---------- DATA FOR THIS EXERCISE

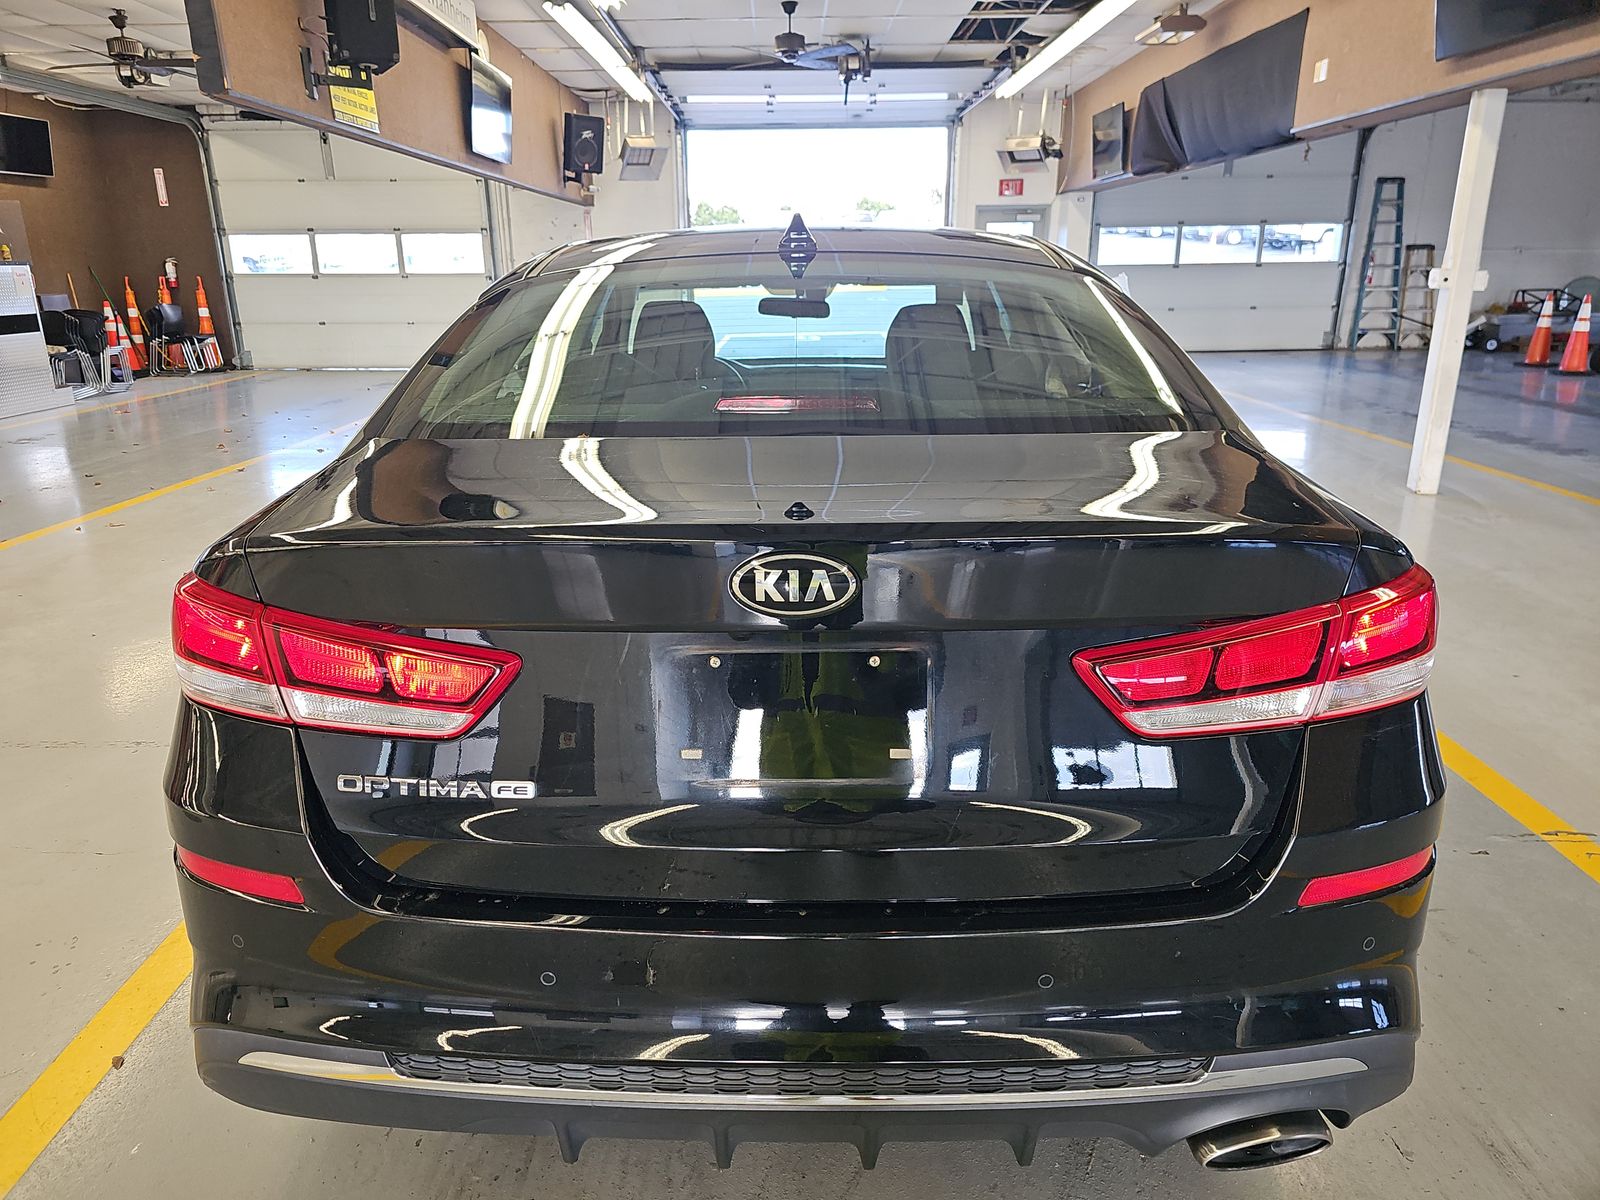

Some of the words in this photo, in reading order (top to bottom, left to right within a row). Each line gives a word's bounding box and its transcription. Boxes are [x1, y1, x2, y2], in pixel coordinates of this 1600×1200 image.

[753, 569, 837, 602] KIA
[336, 774, 488, 799] OPTIMA
[495, 784, 530, 797] FE
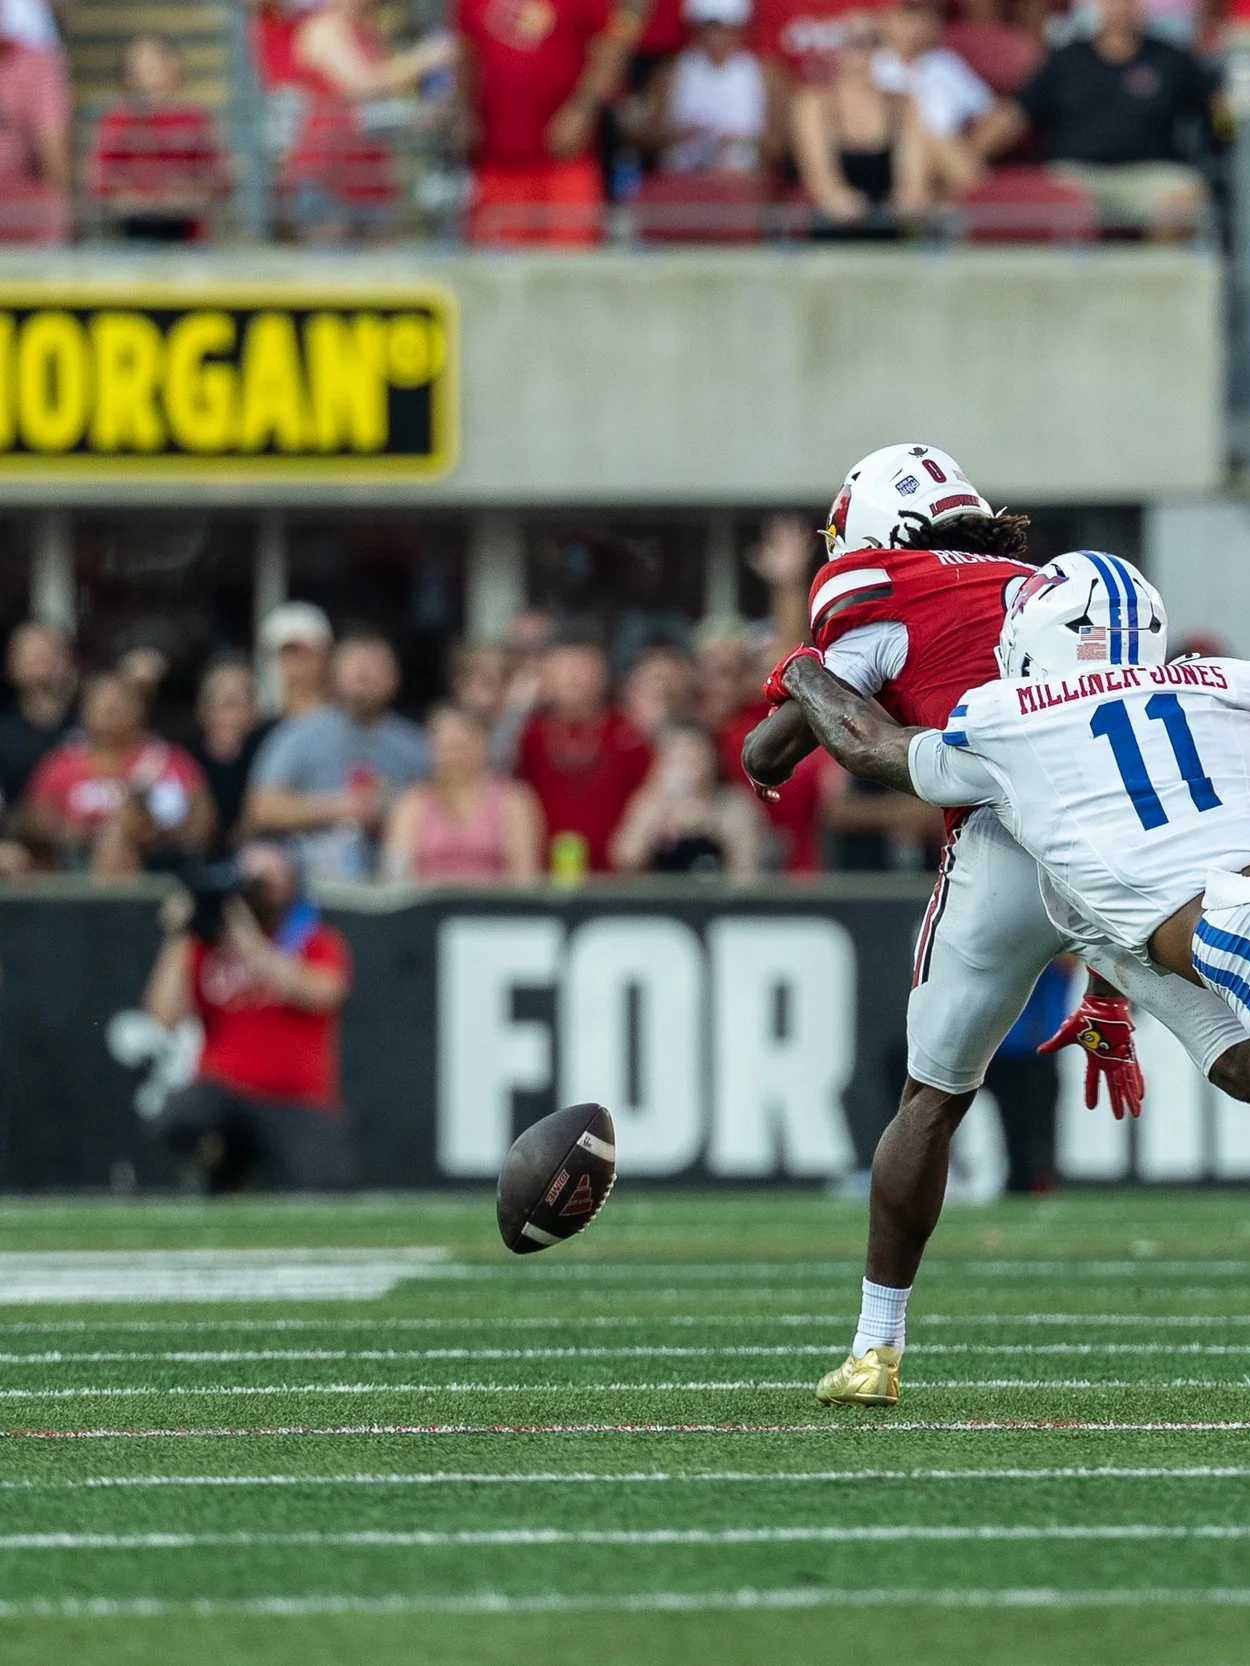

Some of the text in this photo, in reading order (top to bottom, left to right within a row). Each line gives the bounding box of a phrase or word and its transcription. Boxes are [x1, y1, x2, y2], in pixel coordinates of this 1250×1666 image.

[0, 311, 390, 453] ORGAN
[1089, 693, 1223, 831] 11
[436, 914, 859, 1178] FOR

--------------------

ACTIVITY:
All of the records above should be reproduced exactly, with the pictures left out.

SOLVED PROBLEM:
Some of the words in this photo, in reading order (top to bottom, left to right within a row). Each line gives a word's bounding box and its transcription. Boxes are [x1, y1, x2, y2], in pixel coordinates of this 1600×1200 image.

[753, 569, 837, 602] KIA
[336, 774, 488, 799] OPTIMA
[495, 784, 530, 797] FE

Some of the text in this photo, in reading order (top to bottom, left to right within a row). Each line gives the bounding box of a phrase or word and its transcription. Boxes are [x1, y1, x2, y2], in pixel coordinates of this 1250×1666 image.

[0, 311, 390, 453] ORGAN
[1089, 693, 1223, 831] 11
[436, 914, 859, 1178] FOR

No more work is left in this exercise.